● **Assignment**:
Could you transcribe the entries below exactly, without any of the pictures?

START Information

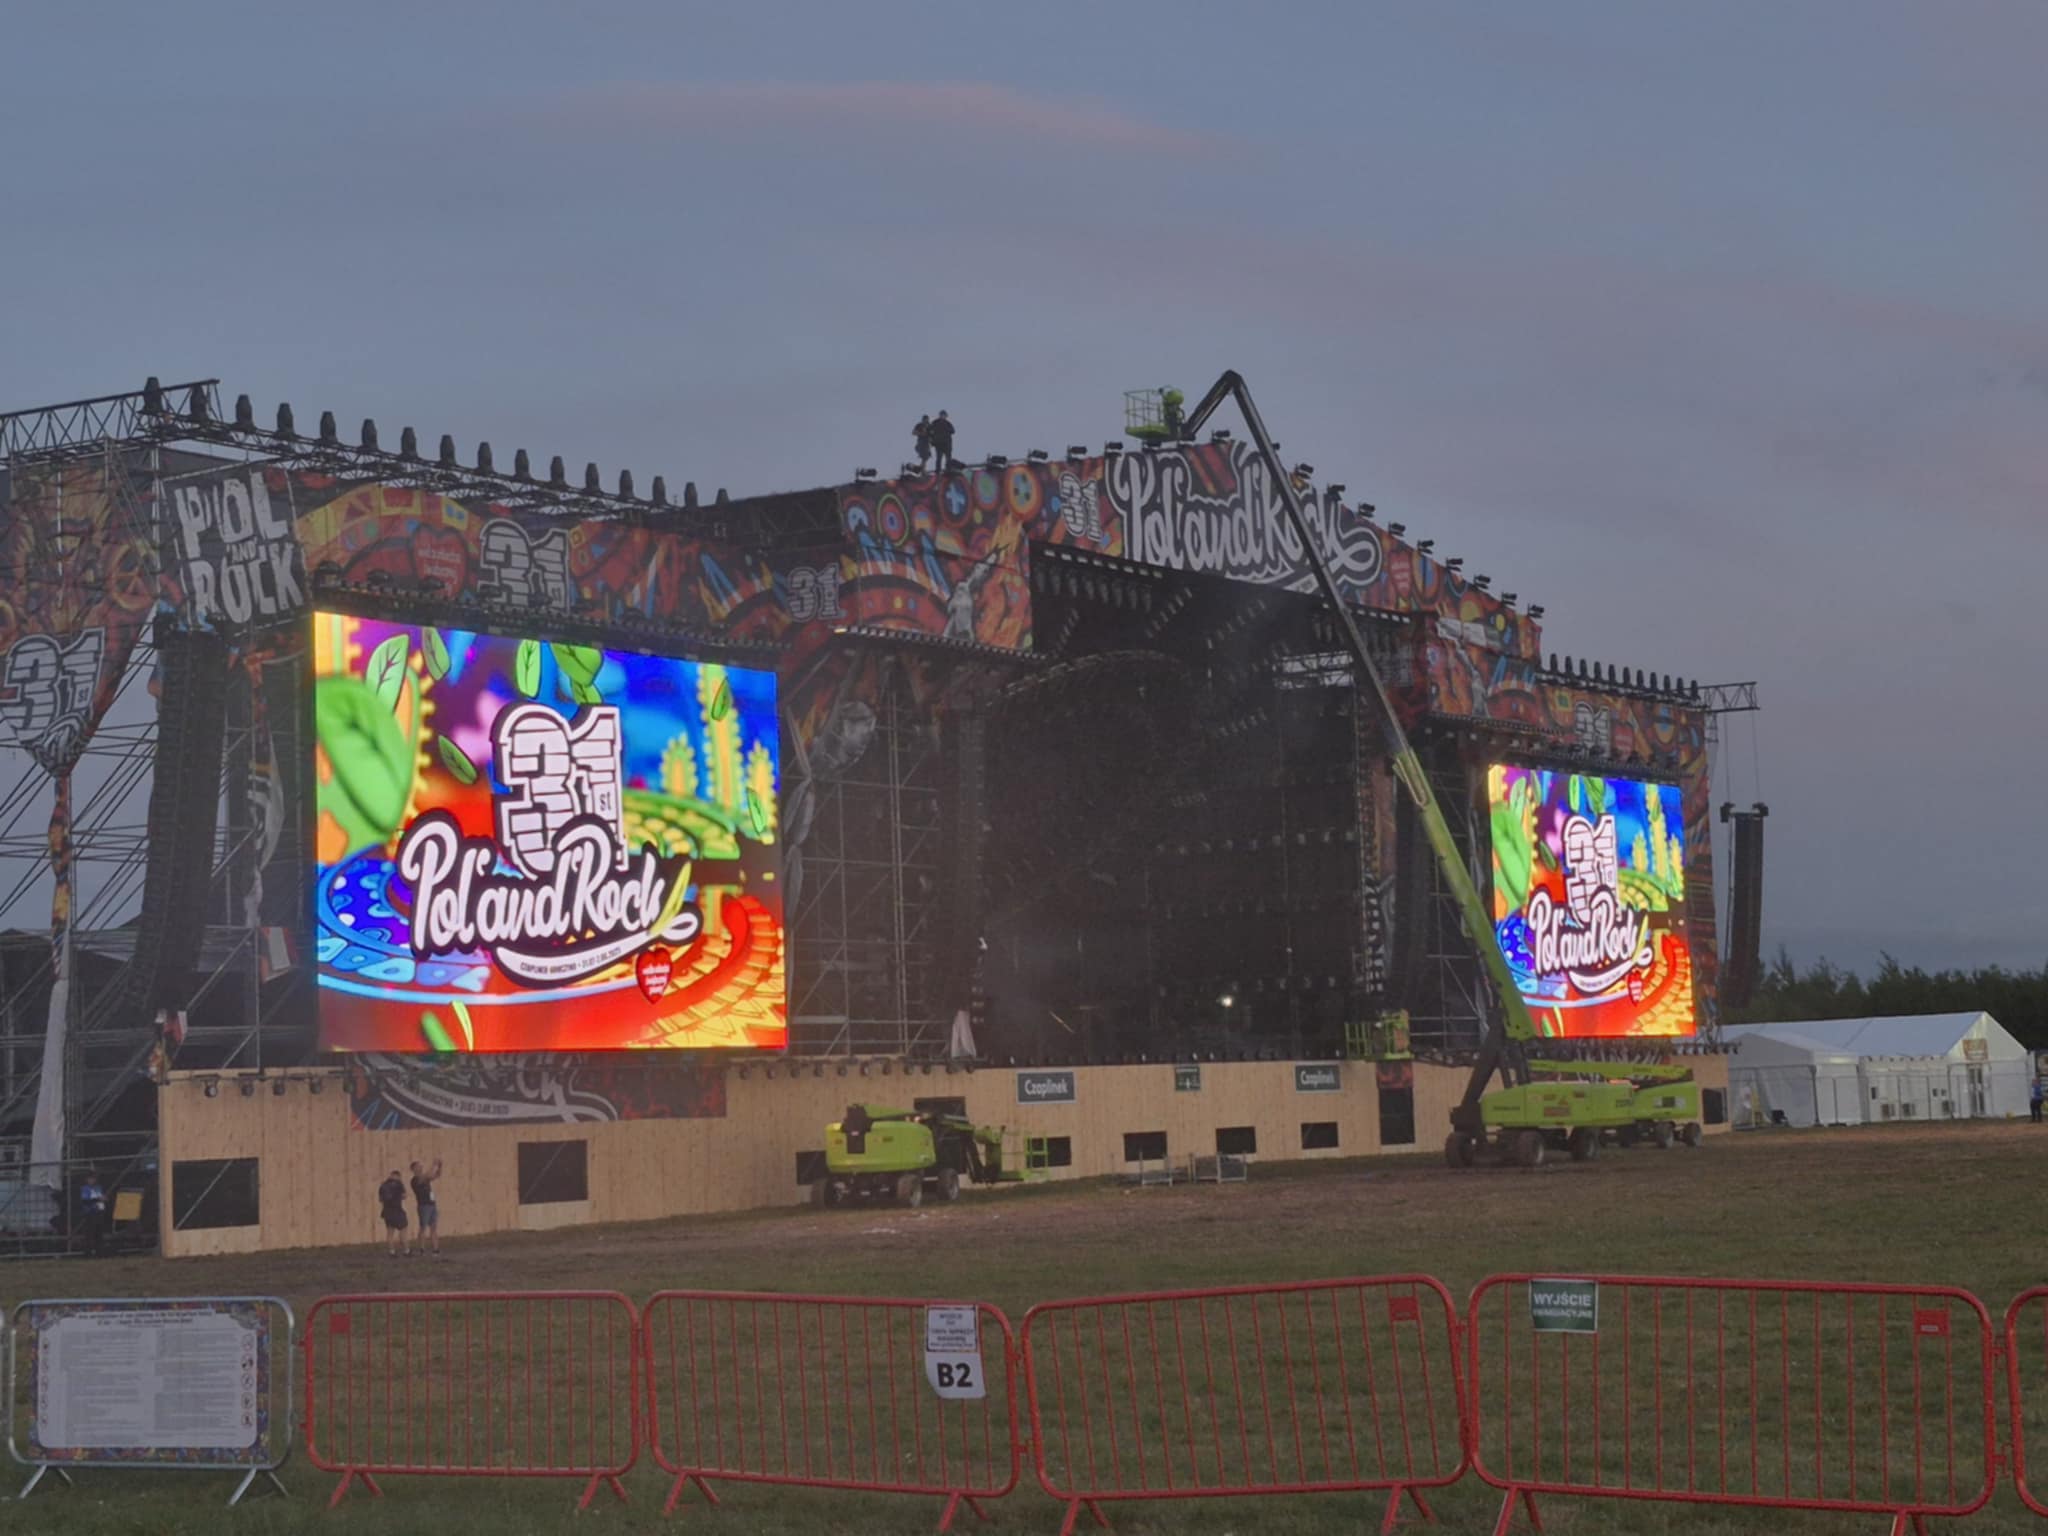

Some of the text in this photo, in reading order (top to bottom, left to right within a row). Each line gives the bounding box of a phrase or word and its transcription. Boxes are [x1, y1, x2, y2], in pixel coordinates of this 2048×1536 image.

[174, 472, 288, 559] POL
[1060, 473, 1102, 543] 31
[193, 542, 302, 623] ROCK
[1024, 1078, 1068, 1098] Czaplinek
[1533, 1290, 1592, 1306] WYJŚCIE
[937, 1362, 973, 1388] B2

END Information

● **Solution to the exercise**:
Some of the text in this photo, in reading order (top to bottom, left to right within a row). Each line gives the bounding box of a phrase or word and its transcription. Boxes are [x1, y1, x2, y2], in pixel coordinates of this 2048×1536 image.

[174, 472, 288, 559] POL
[1060, 473, 1102, 543] 31
[193, 542, 302, 623] ROCK
[1024, 1078, 1068, 1098] Czaplinek
[1533, 1290, 1592, 1306] WYJŚCIE
[937, 1362, 973, 1388] B2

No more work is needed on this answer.